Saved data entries

——————————

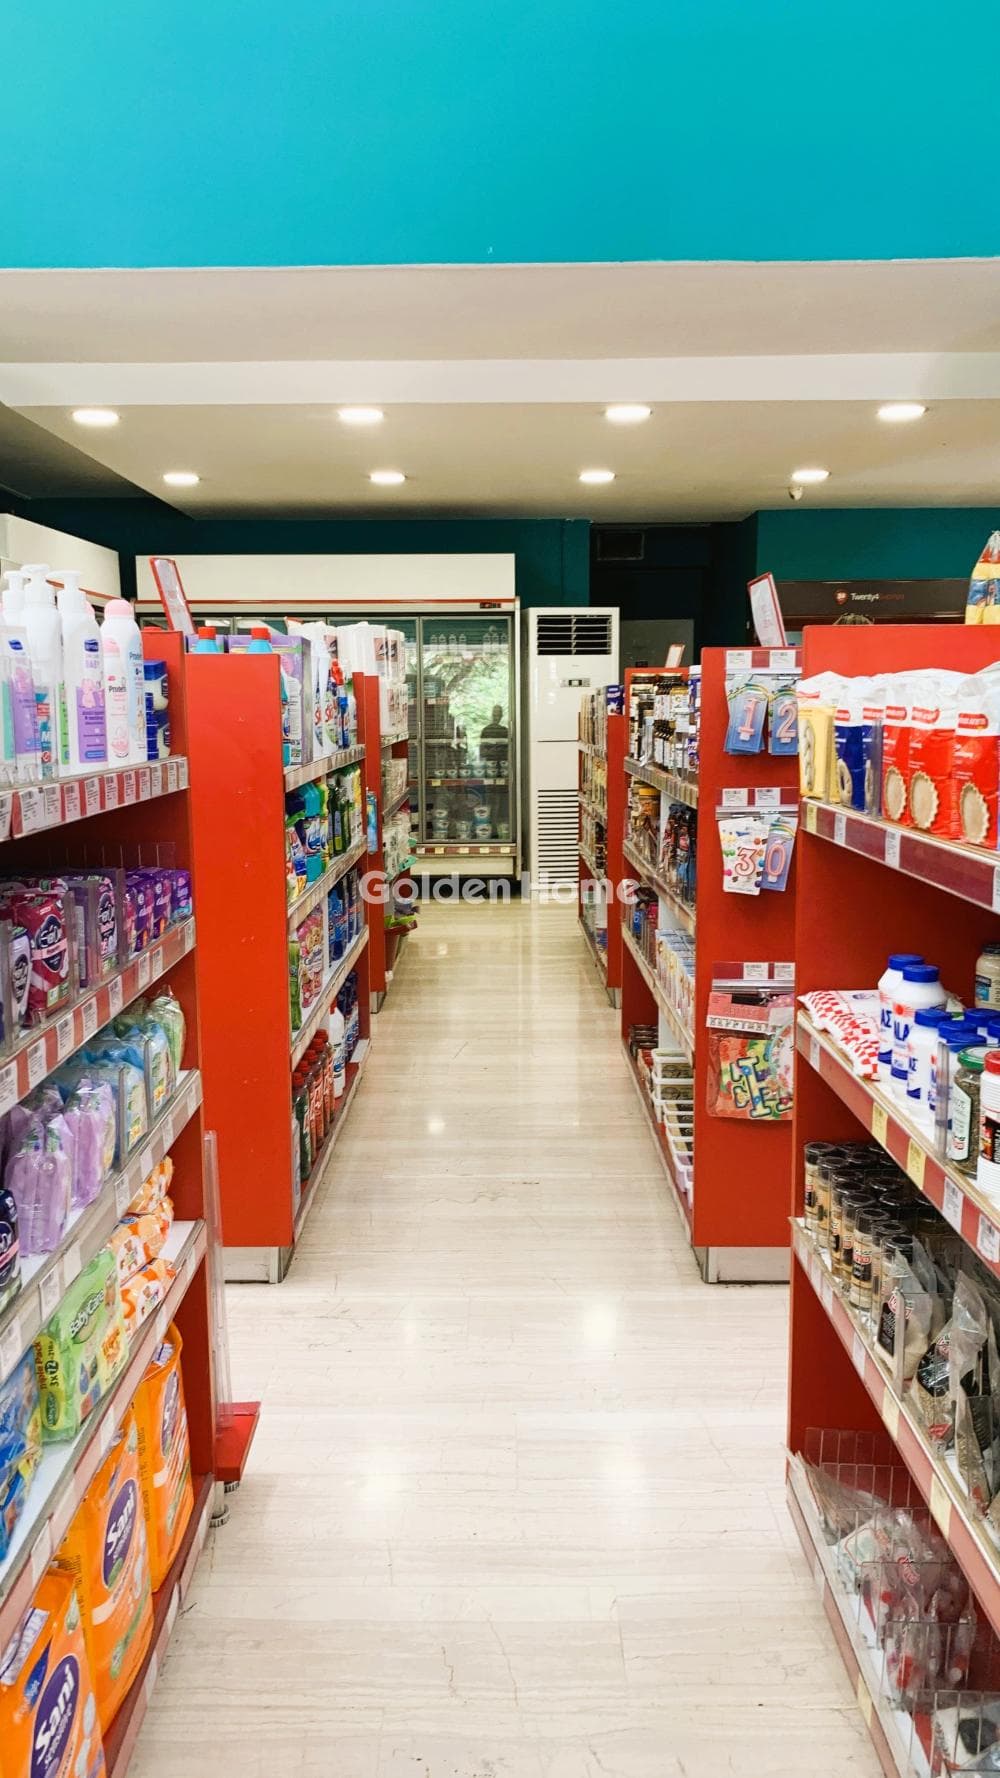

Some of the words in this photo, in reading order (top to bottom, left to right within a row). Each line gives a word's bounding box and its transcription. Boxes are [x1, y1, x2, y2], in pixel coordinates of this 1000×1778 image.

[738, 698, 758, 735] 1
[776, 702, 797, 738] 2
[735, 847, 758, 876] 3
[767, 842, 785, 877] 0
[107, 1486, 135, 1556] Sani
[35, 1663, 75, 1766] Sani
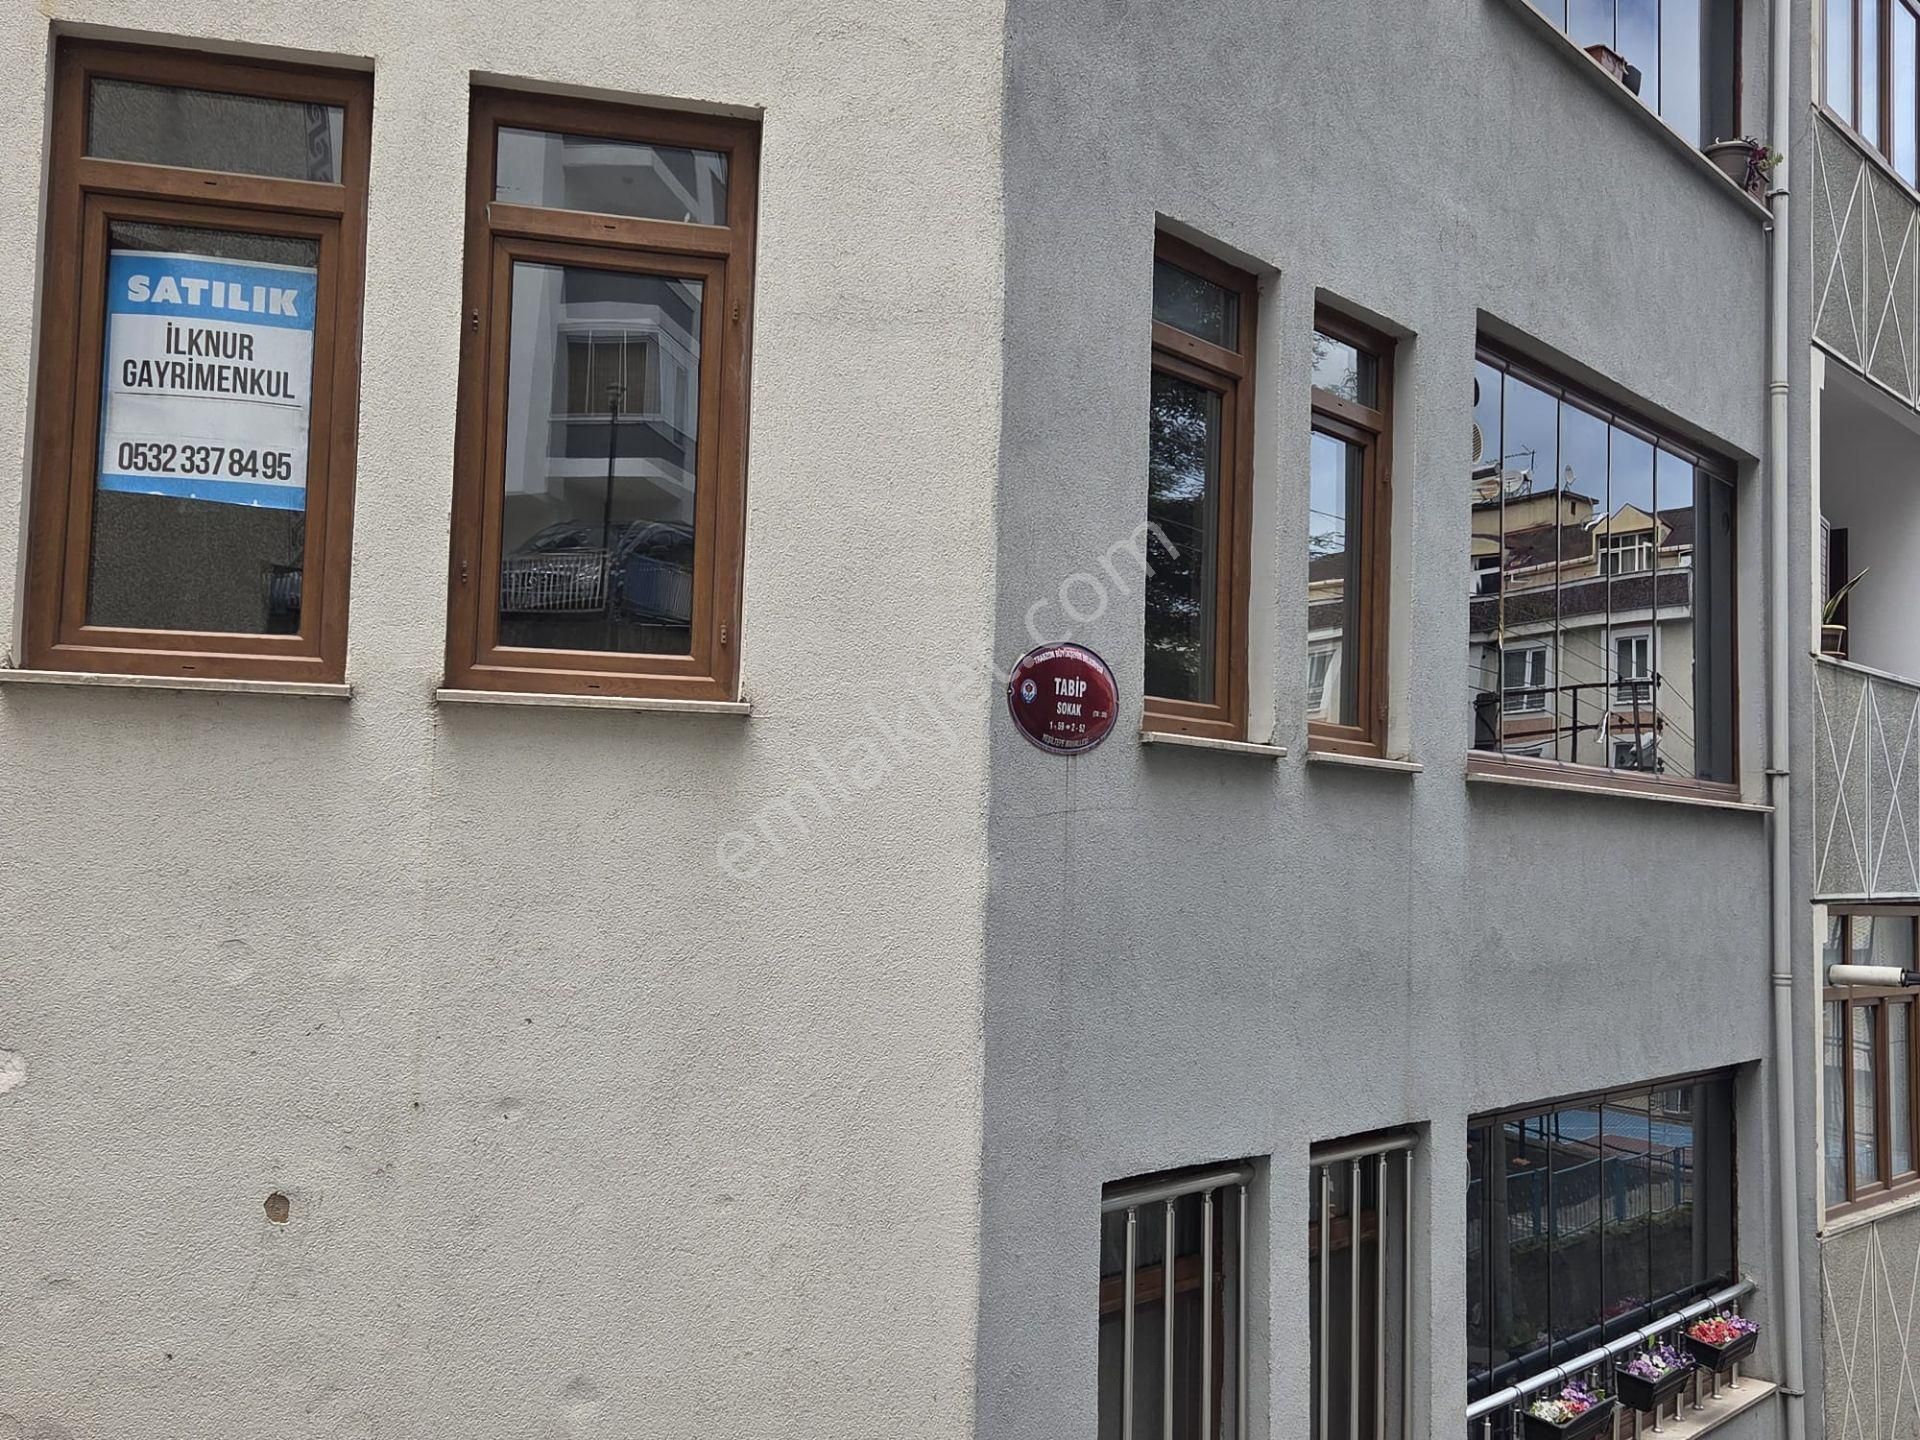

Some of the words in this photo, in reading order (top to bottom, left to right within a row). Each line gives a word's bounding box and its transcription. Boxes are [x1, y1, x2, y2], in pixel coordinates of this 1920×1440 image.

[127, 274, 299, 317] SATILIK
[165, 321, 255, 361] İLKNUR
[122, 357, 296, 399] GAYRİMENKUL
[118, 442, 176, 472] 0532
[180, 445, 226, 475] 337
[228, 448, 259, 477] 84
[262, 451, 292, 480] 95
[1054, 676, 1087, 698] TABİP
[1056, 702, 1082, 717] SOKAK

——————————

◆ Work to be completed
Reproduce all entries without any change, and omit the pictures.

◆ Exercise solution
Some of the words in this photo, in reading order (top to bottom, left to right within a row). Each line gives a word's bounding box and its transcription. Boxes are [x1, y1, x2, y2], in pixel coordinates of this 1000×1778 image.

[738, 698, 758, 735] 1
[776, 702, 797, 738] 2
[735, 847, 758, 876] 3
[767, 842, 785, 877] 0
[107, 1486, 135, 1556] Sani
[35, 1663, 75, 1766] Sani

Some of the words in this photo, in reading order (top to bottom, left to right within a row). Each line gives a word's bounding box and its transcription. Boxes are [x1, y1, x2, y2], in pixel coordinates of this 1920×1440 image.

[127, 274, 299, 317] SATILIK
[165, 321, 255, 361] İLKNUR
[122, 357, 296, 399] GAYRİMENKUL
[118, 442, 176, 472] 0532
[180, 445, 226, 475] 337
[228, 448, 259, 477] 84
[262, 451, 292, 480] 95
[1054, 676, 1087, 698] TABİP
[1056, 702, 1082, 717] SOKAK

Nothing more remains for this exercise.